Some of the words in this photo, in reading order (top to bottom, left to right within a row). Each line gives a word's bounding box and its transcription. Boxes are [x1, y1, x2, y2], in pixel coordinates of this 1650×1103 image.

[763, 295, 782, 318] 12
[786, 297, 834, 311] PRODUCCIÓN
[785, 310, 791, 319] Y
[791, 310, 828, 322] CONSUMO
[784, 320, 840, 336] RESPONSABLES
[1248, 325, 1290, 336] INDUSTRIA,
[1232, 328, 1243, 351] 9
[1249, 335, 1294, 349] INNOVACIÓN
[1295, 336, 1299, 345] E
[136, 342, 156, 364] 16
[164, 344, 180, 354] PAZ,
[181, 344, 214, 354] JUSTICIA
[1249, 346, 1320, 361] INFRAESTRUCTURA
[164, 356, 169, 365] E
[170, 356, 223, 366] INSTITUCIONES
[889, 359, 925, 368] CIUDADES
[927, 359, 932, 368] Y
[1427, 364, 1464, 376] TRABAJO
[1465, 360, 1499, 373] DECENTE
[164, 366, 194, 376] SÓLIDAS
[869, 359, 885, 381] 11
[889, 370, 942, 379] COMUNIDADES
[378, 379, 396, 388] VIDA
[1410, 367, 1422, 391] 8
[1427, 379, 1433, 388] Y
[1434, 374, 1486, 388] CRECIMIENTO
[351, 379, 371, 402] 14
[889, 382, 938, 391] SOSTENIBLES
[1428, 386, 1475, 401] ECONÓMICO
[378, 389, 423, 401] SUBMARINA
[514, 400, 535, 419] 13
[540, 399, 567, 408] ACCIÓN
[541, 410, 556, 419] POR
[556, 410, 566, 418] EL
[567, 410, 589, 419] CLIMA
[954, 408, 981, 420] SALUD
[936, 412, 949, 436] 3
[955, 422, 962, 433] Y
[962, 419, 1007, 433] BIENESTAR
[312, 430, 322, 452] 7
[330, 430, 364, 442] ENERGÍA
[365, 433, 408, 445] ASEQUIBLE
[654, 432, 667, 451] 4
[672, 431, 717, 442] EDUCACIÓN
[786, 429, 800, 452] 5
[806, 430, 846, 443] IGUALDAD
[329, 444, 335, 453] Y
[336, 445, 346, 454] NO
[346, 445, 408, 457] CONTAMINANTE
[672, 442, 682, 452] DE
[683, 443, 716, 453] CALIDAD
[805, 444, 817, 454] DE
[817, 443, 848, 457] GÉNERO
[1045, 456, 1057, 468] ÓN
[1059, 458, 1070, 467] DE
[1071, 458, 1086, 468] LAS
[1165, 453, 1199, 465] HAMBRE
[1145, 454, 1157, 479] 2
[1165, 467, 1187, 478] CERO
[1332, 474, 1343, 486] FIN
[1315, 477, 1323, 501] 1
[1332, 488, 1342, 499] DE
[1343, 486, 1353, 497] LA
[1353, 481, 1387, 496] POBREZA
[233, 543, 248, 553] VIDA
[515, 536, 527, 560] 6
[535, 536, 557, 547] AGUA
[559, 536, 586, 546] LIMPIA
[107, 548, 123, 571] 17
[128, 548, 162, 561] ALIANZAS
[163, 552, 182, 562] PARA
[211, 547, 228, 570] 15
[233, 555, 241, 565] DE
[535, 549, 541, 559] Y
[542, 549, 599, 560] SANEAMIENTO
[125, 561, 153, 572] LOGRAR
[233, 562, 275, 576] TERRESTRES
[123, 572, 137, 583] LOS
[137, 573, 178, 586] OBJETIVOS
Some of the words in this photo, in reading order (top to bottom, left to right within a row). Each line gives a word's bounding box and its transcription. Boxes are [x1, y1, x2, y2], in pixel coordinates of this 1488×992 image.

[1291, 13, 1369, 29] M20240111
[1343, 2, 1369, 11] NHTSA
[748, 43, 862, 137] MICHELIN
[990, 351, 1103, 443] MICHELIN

→ What you have to do
Repeat the records above with every character intact.

→ Task answer
Some of the words in this photo, in reading order (top to bottom, left to right within a row). Each line gives a word's bounding box and its transcription. Boxes are [x1, y1, x2, y2], in pixel coordinates of this 1650×1103 image.

[763, 295, 782, 318] 12
[786, 297, 834, 311] PRODUCCIÓN
[785, 310, 791, 319] Y
[791, 310, 828, 322] CONSUMO
[784, 320, 840, 336] RESPONSABLES
[1248, 325, 1290, 336] INDUSTRIA,
[1232, 328, 1243, 351] 9
[1249, 335, 1294, 349] INNOVACIÓN
[1295, 336, 1299, 345] E
[136, 342, 156, 364] 16
[164, 344, 180, 354] PAZ,
[181, 344, 214, 354] JUSTICIA
[1249, 346, 1320, 361] INFRAESTRUCTURA
[164, 356, 169, 365] E
[170, 356, 223, 366] INSTITUCIONES
[889, 359, 925, 368] CIUDADES
[927, 359, 932, 368] Y
[1427, 364, 1464, 376] TRABAJO
[1465, 360, 1499, 373] DECENTE
[164, 366, 194, 376] SÓLIDAS
[869, 359, 885, 381] 11
[889, 370, 942, 379] COMUNIDADES
[378, 379, 396, 388] VIDA
[1410, 367, 1422, 391] 8
[1427, 379, 1433, 388] Y
[1434, 374, 1486, 388] CRECIMIENTO
[351, 379, 371, 402] 14
[889, 382, 938, 391] SOSTENIBLES
[1428, 386, 1475, 401] ECONÓMICO
[378, 389, 423, 401] SUBMARINA
[514, 400, 535, 419] 13
[540, 399, 567, 408] ACCIÓN
[541, 410, 556, 419] POR
[556, 410, 566, 418] EL
[567, 410, 589, 419] CLIMA
[954, 408, 981, 420] SALUD
[936, 412, 949, 436] 3
[955, 422, 962, 433] Y
[962, 419, 1007, 433] BIENESTAR
[312, 430, 322, 452] 7
[330, 430, 364, 442] ENERGÍA
[365, 433, 408, 445] ASEQUIBLE
[654, 432, 667, 451] 4
[672, 431, 717, 442] EDUCACIÓN
[786, 429, 800, 452] 5
[806, 430, 846, 443] IGUALDAD
[329, 444, 335, 453] Y
[336, 445, 346, 454] NO
[346, 445, 408, 457] CONTAMINANTE
[672, 442, 682, 452] DE
[683, 443, 716, 453] CALIDAD
[805, 444, 817, 454] DE
[817, 443, 848, 457] GÉNERO
[1045, 456, 1057, 468] ÓN
[1059, 458, 1070, 467] DE
[1071, 458, 1086, 468] LAS
[1165, 453, 1199, 465] HAMBRE
[1145, 454, 1157, 479] 2
[1165, 467, 1187, 478] CERO
[1332, 474, 1343, 486] FIN
[1315, 477, 1323, 501] 1
[1332, 488, 1342, 499] DE
[1343, 486, 1353, 497] LA
[1353, 481, 1387, 496] POBREZA
[233, 543, 248, 553] VIDA
[515, 536, 527, 560] 6
[535, 536, 557, 547] AGUA
[559, 536, 586, 546] LIMPIA
[107, 548, 123, 571] 17
[128, 548, 162, 561] ALIANZAS
[163, 552, 182, 562] PARA
[211, 547, 228, 570] 15
[233, 555, 241, 565] DE
[535, 549, 541, 559] Y
[542, 549, 599, 560] SANEAMIENTO
[125, 561, 153, 572] LOGRAR
[233, 562, 275, 576] TERRESTRES
[123, 572, 137, 583] LOS
[137, 573, 178, 586] OBJETIVOS
Some of the words in this photo, in reading order (top to bottom, left to right within a row). Each line gives a word's bounding box and its transcription. Boxes are [x1, y1, x2, y2], in pixel coordinates of this 1488×992 image.

[1291, 13, 1369, 29] M20240111
[1343, 2, 1369, 11] NHTSA
[748, 43, 862, 137] MICHELIN
[990, 351, 1103, 443] MICHELIN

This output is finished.